The Cosy Cabled Cowl
Posted on Thursday the 28th December 2017 by Anna-Jo Sews
Hi everyone, it’s Anna from Anna-Jo Sews here for my first post as part of the Minerva Crafts Blogger Network—how exciting! I hope you’ve all had a wonderful festive season and are feeling properly relaxed. Here in the West Country of England we’re having a typically wet and mild winter, but I’ve still been getting loads of wear out of this cute knitted project.
Now, I’m the first to admit I’m not the world’s best knitter. I’ve been doing it for years now, but only intermittently and I still feel like I have a huge amount to learn. You’re more likely to see dressmaking projects from me here in the future, but I’ve had a cowl like this on my wishlist for over a year now, and I thought I’d really better just get on and make it already! I was after a cowl in a deep, pinky-purple jewel tone to jazz up my winter outerwear wardrobe (currently rather drab in shades of black and olive) and give me something to smile about when it seems like it’s been weeks since I’ve seen any sunshine.
As luck would have it, I’ve been wanting to learn to how to knit cables for a while now, so when I stumbled across this Stylecraft Knitting Pattern on the Minerva website I knew I’d found the perfect project for me. The super chunky yarn makes it a relatively quick knit too, which is always a bonus in my book—yes, I’m the knitter who spent over a year on her last pair of socks. Speedy I ain’t!
The yarn I went for in the end isn’t the one specified by the pattern, but a gorgeous quality 100% British Wool Yarn which I’m pleased to say isn’t remotely itchy against the skin. I used the Geranium colour, but there are another 18 to choose from should you tempted to try it for yourself. My only slight quibble with the yarn is that it comes in hanks so you so have to wind it into balls yourself, but it gave me a chance to finally perfect winding a centre-pull ball using just my hands, so I’m feeling pretty smug about that.
The only other supplies I needed to get knitting were a Circular Knitting Needle and a Cable Needle. Out of the many circular needles available I went for a Knit Pro one as I’ve found them the best out of all the circular needles I’ve tried. This was my first go with the birch range and they’re lovely smooth needles, with a great quality cable that doesn’t seem to get kinked no matter how much you twist it. I’ll admit I probably should have hunted down a thicker cable needle to cope with my superchunky yarn, but the Clover ones worked okay and I’m sure they’ll be useful in the future as I definitely want to knit more cabled patterns.
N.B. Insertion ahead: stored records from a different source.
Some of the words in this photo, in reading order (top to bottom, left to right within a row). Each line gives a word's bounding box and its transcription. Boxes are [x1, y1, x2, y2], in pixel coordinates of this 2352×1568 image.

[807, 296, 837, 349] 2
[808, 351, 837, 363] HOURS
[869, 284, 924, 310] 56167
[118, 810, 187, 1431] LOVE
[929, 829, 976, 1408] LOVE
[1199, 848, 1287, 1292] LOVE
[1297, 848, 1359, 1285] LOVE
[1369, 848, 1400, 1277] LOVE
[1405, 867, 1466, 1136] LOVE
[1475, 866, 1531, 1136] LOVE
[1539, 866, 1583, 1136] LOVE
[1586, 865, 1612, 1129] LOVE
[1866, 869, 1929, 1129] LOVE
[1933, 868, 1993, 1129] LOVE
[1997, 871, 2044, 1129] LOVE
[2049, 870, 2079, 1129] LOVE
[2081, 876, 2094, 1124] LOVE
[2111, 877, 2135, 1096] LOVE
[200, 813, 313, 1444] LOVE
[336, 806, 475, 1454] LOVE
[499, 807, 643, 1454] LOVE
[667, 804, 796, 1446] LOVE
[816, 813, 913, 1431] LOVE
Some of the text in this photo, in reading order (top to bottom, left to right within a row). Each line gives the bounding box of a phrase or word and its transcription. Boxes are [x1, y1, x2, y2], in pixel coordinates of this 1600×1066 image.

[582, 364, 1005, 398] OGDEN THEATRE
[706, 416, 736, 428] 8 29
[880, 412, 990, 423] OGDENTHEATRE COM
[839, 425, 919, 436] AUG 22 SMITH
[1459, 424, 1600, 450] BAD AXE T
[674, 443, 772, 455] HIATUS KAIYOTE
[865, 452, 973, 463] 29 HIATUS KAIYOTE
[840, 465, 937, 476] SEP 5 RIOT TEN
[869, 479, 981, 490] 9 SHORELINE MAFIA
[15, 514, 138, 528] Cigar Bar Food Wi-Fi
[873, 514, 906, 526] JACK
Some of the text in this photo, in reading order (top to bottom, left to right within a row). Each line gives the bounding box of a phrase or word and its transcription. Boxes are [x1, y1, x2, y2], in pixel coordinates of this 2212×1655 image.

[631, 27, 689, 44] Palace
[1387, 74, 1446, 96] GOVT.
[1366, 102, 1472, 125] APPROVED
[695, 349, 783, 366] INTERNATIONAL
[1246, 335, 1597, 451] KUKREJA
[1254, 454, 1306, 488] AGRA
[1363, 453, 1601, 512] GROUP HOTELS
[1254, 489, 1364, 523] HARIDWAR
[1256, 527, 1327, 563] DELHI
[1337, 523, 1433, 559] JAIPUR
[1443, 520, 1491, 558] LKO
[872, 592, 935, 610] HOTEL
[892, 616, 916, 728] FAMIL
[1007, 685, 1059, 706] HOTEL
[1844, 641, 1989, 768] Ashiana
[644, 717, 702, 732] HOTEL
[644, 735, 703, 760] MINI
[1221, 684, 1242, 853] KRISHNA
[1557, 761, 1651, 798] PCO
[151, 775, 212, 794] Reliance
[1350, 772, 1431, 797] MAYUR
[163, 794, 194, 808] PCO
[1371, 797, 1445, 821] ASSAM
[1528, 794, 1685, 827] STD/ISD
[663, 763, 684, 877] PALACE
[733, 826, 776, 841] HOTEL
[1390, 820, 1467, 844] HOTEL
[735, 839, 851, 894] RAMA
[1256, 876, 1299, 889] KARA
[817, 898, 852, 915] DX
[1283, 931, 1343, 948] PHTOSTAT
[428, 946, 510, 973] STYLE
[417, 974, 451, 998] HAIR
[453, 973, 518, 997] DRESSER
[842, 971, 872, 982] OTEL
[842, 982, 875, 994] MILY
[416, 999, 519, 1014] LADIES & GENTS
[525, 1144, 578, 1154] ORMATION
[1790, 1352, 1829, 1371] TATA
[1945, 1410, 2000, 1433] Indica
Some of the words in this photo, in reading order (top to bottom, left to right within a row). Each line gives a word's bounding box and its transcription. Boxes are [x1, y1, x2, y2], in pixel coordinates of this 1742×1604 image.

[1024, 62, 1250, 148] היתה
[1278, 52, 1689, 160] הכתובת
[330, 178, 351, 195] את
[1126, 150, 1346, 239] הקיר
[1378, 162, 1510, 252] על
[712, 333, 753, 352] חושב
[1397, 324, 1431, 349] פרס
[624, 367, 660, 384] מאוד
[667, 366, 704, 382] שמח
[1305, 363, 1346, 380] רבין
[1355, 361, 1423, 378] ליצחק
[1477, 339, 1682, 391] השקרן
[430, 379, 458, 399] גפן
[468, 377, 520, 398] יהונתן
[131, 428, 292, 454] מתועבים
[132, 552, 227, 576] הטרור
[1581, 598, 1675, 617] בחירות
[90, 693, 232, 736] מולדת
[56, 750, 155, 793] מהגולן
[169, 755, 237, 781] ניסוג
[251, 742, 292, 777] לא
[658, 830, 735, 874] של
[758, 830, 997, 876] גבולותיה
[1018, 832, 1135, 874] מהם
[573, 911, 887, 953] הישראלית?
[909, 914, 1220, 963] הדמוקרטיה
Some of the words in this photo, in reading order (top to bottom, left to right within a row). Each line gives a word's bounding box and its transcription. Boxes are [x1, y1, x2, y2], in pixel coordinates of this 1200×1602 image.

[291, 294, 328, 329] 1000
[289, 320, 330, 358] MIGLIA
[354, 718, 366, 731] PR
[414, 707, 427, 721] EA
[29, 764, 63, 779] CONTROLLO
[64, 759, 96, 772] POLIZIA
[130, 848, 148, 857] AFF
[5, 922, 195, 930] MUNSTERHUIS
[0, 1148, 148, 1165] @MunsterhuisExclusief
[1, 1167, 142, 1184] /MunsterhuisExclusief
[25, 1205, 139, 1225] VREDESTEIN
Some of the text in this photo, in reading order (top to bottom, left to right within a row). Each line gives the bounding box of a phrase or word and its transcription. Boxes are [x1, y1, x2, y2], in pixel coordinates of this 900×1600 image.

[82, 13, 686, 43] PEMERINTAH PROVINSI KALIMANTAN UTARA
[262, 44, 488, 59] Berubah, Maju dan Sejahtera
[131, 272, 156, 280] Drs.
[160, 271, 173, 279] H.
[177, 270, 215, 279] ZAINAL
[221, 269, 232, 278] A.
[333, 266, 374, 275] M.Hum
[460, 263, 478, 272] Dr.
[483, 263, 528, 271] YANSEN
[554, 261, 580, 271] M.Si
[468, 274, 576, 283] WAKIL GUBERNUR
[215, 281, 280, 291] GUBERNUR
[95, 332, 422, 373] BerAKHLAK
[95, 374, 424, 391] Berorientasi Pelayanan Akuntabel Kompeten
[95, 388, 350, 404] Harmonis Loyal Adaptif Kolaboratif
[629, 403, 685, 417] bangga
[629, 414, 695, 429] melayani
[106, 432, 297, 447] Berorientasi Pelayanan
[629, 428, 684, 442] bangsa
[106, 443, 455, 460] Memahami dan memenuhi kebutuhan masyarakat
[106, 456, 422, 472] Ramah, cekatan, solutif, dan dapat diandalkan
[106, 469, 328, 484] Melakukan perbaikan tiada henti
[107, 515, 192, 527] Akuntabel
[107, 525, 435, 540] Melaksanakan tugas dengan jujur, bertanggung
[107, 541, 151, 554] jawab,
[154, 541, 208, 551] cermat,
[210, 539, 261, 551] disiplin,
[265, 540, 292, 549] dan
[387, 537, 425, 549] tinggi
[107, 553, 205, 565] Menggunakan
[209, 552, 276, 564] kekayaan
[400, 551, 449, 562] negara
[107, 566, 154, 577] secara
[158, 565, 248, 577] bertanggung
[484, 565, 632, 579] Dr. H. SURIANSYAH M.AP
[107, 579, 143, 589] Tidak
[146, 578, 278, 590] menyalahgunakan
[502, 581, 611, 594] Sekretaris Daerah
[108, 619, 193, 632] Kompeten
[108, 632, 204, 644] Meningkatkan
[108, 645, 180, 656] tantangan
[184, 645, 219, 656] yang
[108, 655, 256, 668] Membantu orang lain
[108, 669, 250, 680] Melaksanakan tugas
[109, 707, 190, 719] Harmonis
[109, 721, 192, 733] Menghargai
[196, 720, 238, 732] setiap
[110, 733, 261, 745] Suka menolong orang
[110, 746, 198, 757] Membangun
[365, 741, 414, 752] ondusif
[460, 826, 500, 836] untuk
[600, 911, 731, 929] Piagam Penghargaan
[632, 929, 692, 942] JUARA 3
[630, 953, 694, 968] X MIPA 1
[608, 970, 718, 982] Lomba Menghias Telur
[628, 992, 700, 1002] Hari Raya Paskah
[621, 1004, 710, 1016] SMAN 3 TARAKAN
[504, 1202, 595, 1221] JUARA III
Now, while this is a very simple project and could probably be attempted by anyone who’s knit something before, I have to say that Stylecraft’s instructions are minimal at best. You’re told to cast on, but there is no guidance as to what kind of cast-on would work best. After a bit of hunting I found a tutorial for a tubular cast-on that sounded interesting, and although it gave me some head-scratching moments it has resulted in a really neat looking edge with plenty of stretch—ideal for ribbing.
From that point on the cowl was simple to knit. It begins with six rounds of K2, P2 ribbing, followed by a cabled section. The cable pattern only calls for one type of cable stitch every sixth row, so it was really easy to memorise. I knitted most of this sitting on the bathroom floor while my little boy was in the bath, and it was the ideal simple project that didn’t require much concentration.
Once the cabled section is finished the cowl is edged with six more rounds of K2, P2 ribbing, and then you cast off. Simple! I found this simple stretchy cast-off which was again really stretchy—possibly too stretchy, to be honest, as this edge looks much more wavy than the cast on one. Never mind. I just wear it with the cast off edge at the bottom and the neater cast-on one at the top.
When I finished the cowl it looked pretty small and I was pleased to see I still had perfect tension. However, when I put it on, something happened. It S-T-R-E-T-C-H-E-D! Okay, so I was expecting it too, but I was still a little surprised and, if I’m honest, disconcerted at just how much it stretched out with wear. However, I’m now embracing the stretch as it gives me multiple options for styling this one. I can wear it pulled down over my shoulders:
Or folded in the middle to give a closer fit at the neck (this is the one I usually go for when wearing it under a coat):
Another look is a crazy sculptural collar, which reminds me of an Elizabethan ruff in a strange way:
I can even wrap it around my neck twice for a really snug fit on the coldest days!
This cowl has proved to be a godsend on chilly days and putting it on every morning really does cheer me up. Now I just need to knit a matching hat to go with it!
What’s warming you up this winter? Or keeping you cool if you’re lucky enough to be enjoying summer right now.